Spatial localization data:
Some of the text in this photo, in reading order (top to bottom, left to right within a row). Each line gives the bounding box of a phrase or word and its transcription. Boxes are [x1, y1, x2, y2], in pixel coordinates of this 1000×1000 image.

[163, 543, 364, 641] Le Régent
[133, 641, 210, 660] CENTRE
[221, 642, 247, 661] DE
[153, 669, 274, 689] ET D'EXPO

_What you are asked to do_: Print the data above exactly as it reads.

_Result of this exercise_:
Some of the text in this photo, in reading order (top to bottom, left to right within a row). Each line gives the bounding box of a phrase or word and its transcription. Boxes are [x1, y1, x2, y2], in pixel coordinates of this 1000×1000 image.

[163, 543, 364, 641] Le Régent
[133, 641, 210, 660] CENTRE
[221, 642, 247, 661] DE
[153, 669, 274, 689] ET D'EXPO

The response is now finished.